[Opening Listed records section]

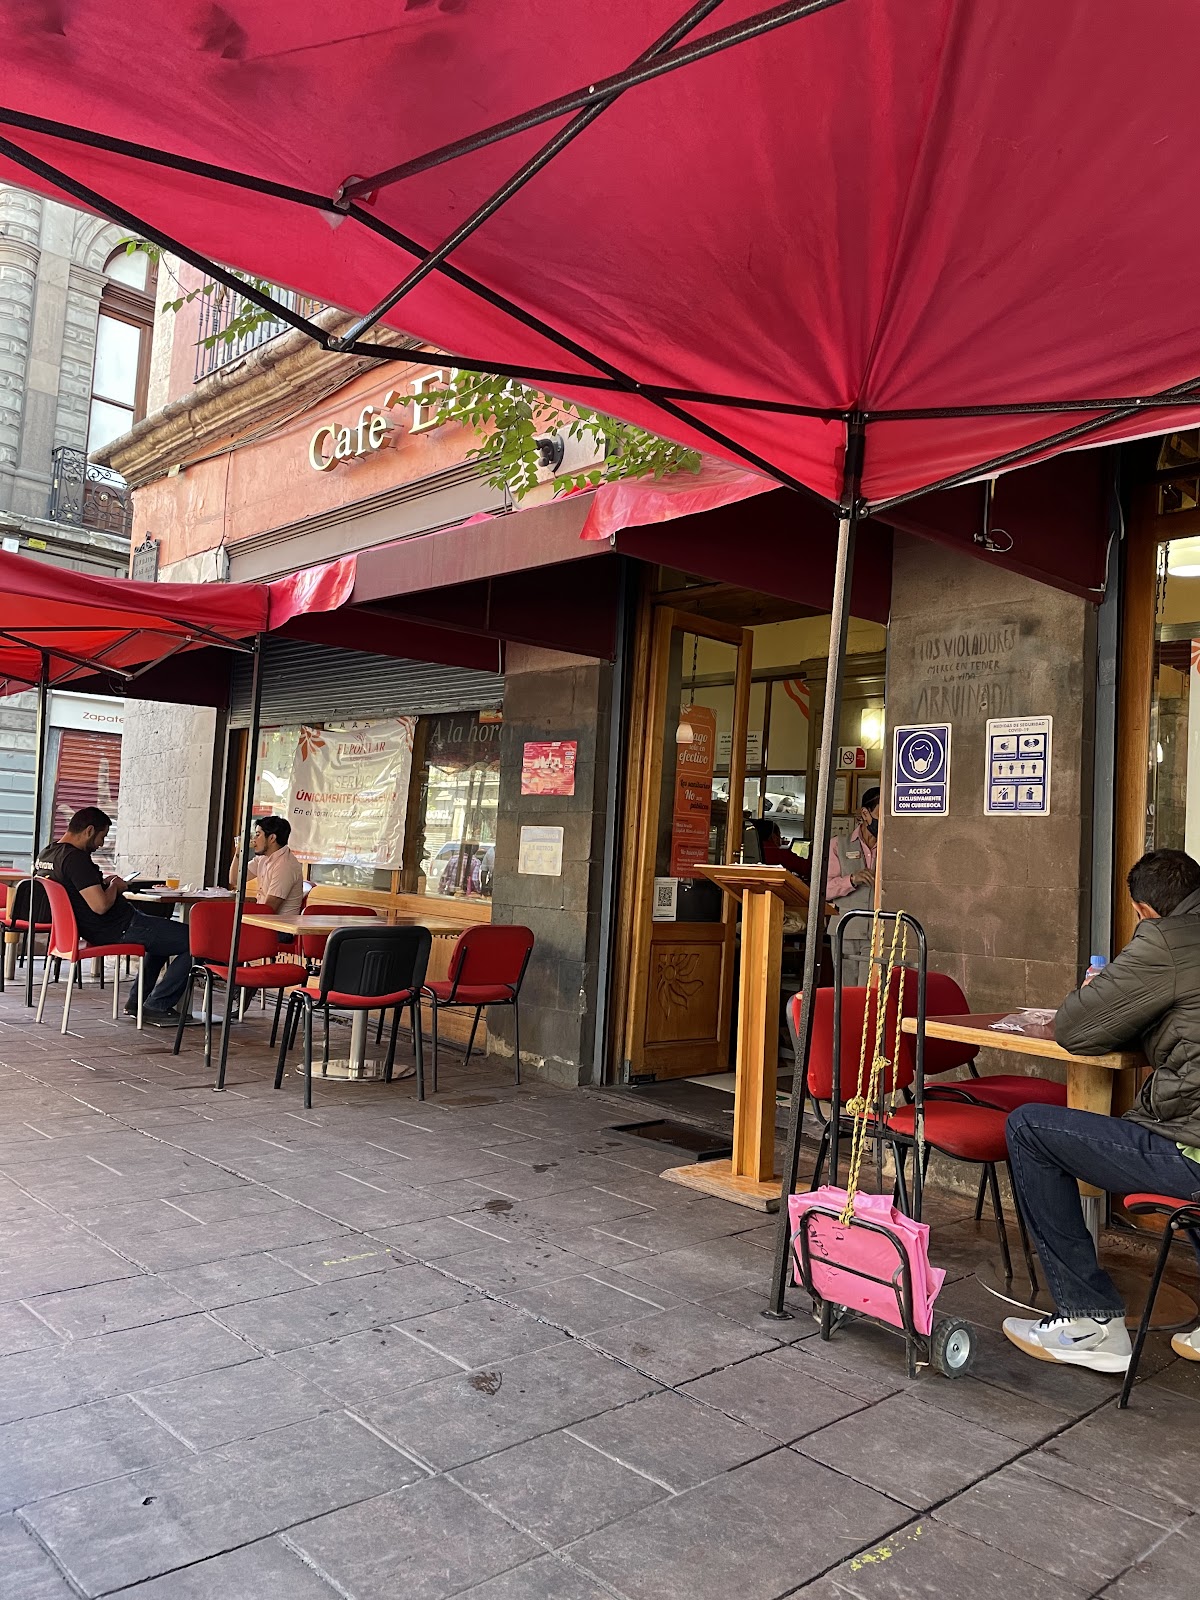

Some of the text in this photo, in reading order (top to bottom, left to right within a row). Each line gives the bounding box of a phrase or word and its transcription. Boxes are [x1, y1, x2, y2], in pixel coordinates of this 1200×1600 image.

[308, 390, 398, 473] Café
[943, 629, 1016, 659] VIOLADORES
[970, 660, 1000, 672] TENER
[430, 720, 442, 743] A
[447, 718, 464, 744] la
[679, 750, 709, 764] efectivo
[296, 789, 352, 804] ÚNICAMENTE
[908, 787, 932, 795] ACCESO
[293, 806, 303, 816] En
[305, 808, 313, 817] el

[Closing Listed records section]

Task requirements: Please set down the data above exactly as given, leaving every picture out.

Response below:
Some of the text in this photo, in reading order (top to bottom, left to right within a row). Each line gives the bounding box of a phrase or word and its transcription. Boxes are [x1, y1, x2, y2], in pixel coordinates of this 1200×1600 image.

[308, 390, 398, 473] Café
[943, 629, 1016, 659] VIOLADORES
[970, 660, 1000, 672] TENER
[430, 720, 442, 743] A
[447, 718, 464, 744] la
[679, 750, 709, 764] efectivo
[296, 789, 352, 804] ÚNICAMENTE
[908, 787, 932, 795] ACCESO
[293, 806, 303, 816] En
[305, 808, 313, 817] el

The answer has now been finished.